United States District Court, S.D. Indiana, Indianapolis Division

June 4, 2018

ANGEL ALLEN, Plaintiff,
v.
THE LILLY EXTENDED DISABILITY PLAN, and ELI LILLY AND COMPANY LIFE INSURANCE AND DEATH BENEFIT PLAN, Defendants.

          ENTRY ON PLAINTIFF'S OBJECTIONS TO MAGISTRATE JUDGE'S ORDER ON MOTION TO COMPEL

          TANYA WALTON PRATT, JUDGE

         This matter is before the Court on Plaintiff Angel Allen's (“Allen”) Objections to the Magistrate Judge's Opinion and Order (Dkt 47). (Filing No. 48.) Allen filed a motion to compel Defendants Lilly Extended Disability Plan (the “EDL Plan”) and Eli Lilly and Company Life Insurance and Death Benefit Plan (collectively, “Lilly”), to comply with her discovery requests. Lilly opposed the discovery request arguing that Allen is not entitled to discovery in this ERISA matter. The Magistrate Judge agreed with Lilly and Allen appealed. For the reasons stated below, the Court denies Allen's appeal of the Magistrate Judge's decision.

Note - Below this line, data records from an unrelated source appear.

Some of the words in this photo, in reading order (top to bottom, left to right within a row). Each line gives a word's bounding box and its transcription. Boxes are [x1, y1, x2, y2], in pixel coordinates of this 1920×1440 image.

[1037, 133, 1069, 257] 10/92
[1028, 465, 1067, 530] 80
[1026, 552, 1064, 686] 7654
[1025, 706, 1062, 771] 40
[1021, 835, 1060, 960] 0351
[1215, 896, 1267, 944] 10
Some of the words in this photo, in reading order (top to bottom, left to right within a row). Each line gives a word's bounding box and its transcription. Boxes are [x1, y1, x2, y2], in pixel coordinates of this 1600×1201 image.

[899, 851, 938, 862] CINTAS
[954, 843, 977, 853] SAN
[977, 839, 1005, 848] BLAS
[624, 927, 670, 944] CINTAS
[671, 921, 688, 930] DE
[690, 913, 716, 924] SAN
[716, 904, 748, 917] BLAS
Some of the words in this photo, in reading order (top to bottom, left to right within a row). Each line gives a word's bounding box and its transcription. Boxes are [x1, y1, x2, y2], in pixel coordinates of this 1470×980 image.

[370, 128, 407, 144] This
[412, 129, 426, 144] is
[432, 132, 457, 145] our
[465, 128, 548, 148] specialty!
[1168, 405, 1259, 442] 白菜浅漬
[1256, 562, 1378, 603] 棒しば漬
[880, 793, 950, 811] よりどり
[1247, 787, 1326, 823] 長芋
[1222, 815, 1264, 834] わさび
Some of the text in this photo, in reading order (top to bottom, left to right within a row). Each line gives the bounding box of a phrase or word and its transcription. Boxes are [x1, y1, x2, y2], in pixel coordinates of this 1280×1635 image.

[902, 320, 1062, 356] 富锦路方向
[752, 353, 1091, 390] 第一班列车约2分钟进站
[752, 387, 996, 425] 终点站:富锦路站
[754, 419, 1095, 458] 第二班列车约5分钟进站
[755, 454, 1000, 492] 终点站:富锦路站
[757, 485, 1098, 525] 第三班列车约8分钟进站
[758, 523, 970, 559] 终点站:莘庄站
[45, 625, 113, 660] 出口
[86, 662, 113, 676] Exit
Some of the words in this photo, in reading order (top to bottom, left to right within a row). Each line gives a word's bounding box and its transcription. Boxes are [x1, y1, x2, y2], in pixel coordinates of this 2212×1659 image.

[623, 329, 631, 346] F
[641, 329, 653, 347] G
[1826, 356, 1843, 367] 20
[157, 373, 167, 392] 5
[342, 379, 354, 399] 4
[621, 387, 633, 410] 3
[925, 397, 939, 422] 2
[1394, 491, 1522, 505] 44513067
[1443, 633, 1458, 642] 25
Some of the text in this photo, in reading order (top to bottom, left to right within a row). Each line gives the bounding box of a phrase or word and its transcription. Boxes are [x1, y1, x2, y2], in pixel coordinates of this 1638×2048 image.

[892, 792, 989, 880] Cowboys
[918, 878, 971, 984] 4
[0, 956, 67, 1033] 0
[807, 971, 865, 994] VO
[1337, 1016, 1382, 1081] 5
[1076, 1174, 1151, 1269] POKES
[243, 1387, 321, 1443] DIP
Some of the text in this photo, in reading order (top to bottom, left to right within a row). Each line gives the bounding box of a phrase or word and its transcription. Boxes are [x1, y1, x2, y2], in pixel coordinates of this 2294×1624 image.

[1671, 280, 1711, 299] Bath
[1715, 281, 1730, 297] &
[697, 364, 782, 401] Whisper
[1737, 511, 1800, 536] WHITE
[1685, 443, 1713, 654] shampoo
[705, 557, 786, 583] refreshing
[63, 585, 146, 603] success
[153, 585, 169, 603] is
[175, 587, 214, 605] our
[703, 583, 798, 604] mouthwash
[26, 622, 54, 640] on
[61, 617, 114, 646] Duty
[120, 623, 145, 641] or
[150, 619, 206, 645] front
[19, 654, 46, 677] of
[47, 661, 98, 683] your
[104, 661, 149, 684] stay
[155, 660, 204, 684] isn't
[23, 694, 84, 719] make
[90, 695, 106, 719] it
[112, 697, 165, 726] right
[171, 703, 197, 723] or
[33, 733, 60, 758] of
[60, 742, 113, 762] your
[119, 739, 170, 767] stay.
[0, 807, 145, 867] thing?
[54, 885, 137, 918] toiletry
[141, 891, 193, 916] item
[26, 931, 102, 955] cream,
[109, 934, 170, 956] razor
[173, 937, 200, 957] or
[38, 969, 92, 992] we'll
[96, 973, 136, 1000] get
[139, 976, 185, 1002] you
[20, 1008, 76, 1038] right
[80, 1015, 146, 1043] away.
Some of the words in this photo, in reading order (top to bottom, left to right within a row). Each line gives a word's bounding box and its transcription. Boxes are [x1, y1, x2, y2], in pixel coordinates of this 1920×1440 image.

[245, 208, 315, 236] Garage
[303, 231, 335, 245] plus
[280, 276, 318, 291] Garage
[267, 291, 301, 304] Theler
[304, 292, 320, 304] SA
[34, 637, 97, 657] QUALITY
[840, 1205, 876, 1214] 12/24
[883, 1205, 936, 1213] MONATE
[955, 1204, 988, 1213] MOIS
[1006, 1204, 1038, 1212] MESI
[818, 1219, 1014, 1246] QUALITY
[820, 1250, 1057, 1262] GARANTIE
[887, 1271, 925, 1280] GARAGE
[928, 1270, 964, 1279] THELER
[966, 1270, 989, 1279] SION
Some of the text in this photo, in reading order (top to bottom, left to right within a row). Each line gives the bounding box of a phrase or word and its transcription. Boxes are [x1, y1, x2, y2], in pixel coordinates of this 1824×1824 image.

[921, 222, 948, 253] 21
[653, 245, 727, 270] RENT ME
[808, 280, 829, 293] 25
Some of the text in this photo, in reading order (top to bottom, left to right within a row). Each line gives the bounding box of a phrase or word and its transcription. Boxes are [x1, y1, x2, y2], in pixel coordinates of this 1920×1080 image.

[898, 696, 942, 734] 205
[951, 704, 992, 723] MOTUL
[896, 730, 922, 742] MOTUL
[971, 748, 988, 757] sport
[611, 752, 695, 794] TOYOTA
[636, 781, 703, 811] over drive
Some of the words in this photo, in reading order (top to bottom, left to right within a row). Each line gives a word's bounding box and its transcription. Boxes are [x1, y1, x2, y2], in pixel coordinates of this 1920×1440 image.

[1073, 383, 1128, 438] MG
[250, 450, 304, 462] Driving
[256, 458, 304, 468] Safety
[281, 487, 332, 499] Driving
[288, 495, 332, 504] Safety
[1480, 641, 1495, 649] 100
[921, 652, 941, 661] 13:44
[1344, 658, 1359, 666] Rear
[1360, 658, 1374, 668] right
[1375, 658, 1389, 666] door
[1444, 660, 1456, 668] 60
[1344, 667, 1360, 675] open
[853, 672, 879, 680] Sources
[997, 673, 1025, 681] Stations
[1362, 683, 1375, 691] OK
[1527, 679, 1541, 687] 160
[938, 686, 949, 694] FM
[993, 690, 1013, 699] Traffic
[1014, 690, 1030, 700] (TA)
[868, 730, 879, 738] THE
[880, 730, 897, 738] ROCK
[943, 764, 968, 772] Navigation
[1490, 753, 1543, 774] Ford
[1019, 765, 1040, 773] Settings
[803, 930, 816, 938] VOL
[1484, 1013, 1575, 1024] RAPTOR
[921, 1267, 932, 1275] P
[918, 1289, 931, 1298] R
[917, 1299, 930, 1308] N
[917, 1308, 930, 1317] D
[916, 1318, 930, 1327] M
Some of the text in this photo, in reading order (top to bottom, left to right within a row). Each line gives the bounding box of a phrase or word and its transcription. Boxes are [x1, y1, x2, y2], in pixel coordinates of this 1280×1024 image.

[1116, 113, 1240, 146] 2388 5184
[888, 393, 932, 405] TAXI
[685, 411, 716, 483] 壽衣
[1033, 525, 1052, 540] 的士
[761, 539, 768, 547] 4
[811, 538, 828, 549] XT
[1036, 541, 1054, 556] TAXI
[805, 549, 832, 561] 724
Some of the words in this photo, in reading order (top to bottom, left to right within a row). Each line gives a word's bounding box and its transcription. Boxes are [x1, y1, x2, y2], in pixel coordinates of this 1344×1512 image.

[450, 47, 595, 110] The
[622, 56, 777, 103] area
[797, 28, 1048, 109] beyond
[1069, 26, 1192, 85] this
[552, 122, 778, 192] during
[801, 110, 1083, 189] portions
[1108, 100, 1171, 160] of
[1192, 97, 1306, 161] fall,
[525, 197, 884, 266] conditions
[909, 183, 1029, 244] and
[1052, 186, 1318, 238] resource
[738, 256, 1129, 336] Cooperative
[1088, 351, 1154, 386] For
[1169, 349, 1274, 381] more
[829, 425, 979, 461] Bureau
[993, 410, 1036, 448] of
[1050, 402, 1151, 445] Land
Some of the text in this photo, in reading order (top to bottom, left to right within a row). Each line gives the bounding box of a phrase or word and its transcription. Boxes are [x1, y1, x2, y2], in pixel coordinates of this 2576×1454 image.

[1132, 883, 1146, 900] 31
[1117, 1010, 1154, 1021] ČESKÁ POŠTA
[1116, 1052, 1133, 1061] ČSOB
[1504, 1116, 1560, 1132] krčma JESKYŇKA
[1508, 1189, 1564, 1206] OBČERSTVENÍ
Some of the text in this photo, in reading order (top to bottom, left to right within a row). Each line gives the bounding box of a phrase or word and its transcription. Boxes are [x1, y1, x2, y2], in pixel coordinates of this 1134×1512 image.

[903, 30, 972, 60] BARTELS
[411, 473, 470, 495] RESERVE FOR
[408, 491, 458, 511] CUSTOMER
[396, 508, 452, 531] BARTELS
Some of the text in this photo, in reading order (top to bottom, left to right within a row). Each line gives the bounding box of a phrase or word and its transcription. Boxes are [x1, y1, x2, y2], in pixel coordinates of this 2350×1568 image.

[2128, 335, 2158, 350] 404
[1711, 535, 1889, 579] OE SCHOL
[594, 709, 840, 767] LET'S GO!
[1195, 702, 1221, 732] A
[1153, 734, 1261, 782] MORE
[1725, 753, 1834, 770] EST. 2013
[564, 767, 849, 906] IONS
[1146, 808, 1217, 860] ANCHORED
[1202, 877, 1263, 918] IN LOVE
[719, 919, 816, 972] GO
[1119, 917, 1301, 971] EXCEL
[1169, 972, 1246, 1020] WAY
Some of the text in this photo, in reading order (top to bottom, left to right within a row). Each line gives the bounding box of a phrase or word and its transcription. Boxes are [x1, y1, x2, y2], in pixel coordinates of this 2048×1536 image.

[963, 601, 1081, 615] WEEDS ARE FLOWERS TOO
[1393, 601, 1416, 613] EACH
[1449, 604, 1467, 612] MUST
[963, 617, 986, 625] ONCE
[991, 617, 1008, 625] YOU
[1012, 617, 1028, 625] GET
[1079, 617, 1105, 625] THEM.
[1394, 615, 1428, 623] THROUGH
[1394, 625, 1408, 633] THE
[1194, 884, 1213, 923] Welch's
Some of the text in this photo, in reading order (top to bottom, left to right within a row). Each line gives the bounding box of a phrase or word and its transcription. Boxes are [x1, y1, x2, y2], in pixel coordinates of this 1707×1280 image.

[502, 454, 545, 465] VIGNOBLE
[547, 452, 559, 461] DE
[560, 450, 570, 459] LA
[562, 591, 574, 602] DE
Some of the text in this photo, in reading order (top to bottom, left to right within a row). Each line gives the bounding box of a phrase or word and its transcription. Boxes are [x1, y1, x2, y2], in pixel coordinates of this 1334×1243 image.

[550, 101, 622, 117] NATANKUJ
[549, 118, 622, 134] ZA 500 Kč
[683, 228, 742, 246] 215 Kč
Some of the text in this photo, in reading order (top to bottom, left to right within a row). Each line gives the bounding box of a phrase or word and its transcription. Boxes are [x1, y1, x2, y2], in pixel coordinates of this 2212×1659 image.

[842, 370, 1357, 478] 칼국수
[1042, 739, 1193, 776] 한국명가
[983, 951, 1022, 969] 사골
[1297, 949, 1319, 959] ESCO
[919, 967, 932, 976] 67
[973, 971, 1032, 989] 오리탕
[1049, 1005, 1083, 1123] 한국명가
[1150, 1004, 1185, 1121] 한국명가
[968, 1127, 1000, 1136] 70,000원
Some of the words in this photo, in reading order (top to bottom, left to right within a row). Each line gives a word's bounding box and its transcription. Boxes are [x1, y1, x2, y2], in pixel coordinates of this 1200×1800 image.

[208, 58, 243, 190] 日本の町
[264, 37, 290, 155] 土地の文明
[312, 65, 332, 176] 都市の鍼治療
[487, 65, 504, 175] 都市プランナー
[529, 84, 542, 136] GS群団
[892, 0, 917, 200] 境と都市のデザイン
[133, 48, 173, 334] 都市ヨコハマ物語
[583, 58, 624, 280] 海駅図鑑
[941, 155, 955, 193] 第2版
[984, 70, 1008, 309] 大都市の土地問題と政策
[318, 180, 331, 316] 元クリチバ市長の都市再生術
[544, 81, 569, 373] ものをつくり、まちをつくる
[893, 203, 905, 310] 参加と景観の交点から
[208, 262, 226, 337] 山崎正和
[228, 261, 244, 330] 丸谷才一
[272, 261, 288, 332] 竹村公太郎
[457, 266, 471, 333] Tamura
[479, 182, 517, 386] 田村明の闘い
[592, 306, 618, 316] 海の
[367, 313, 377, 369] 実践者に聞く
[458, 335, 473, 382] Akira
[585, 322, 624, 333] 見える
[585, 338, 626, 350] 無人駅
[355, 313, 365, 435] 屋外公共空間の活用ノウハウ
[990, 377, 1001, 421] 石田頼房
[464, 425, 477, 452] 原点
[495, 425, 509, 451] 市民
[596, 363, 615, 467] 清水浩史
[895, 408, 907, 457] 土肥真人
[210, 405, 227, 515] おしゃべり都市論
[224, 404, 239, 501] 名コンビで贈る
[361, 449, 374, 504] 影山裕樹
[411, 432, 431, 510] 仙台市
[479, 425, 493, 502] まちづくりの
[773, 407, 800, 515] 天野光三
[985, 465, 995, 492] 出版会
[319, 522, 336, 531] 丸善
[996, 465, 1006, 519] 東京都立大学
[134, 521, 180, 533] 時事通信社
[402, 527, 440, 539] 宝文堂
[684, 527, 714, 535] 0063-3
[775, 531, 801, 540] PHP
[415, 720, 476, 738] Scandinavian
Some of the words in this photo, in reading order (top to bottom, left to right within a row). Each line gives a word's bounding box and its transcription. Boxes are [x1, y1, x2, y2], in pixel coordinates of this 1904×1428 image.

         I. LEGAL STANDARD

         A district court may refer for decision a non-dispositive pretrial motion to a magistrate judge under Federal Rule of Civil Procedure 72(a). Rule 72(a) provides:

When a pretrial matter not dispositive of a party's claim or defense is referred to a magistrate judge to hear and decide, the magistrate judge must promptly conduct the required proceedings and, when appropriate, issue a written order stating the decision. A party may serve and file objections to the order within 14 days after being served with a copy. A party may not assign as error a defect in the order not timely objected to. The district judge in the case must consider timely objections and modify or set aside any part of the order that is clearly erroneous or is contrary to law.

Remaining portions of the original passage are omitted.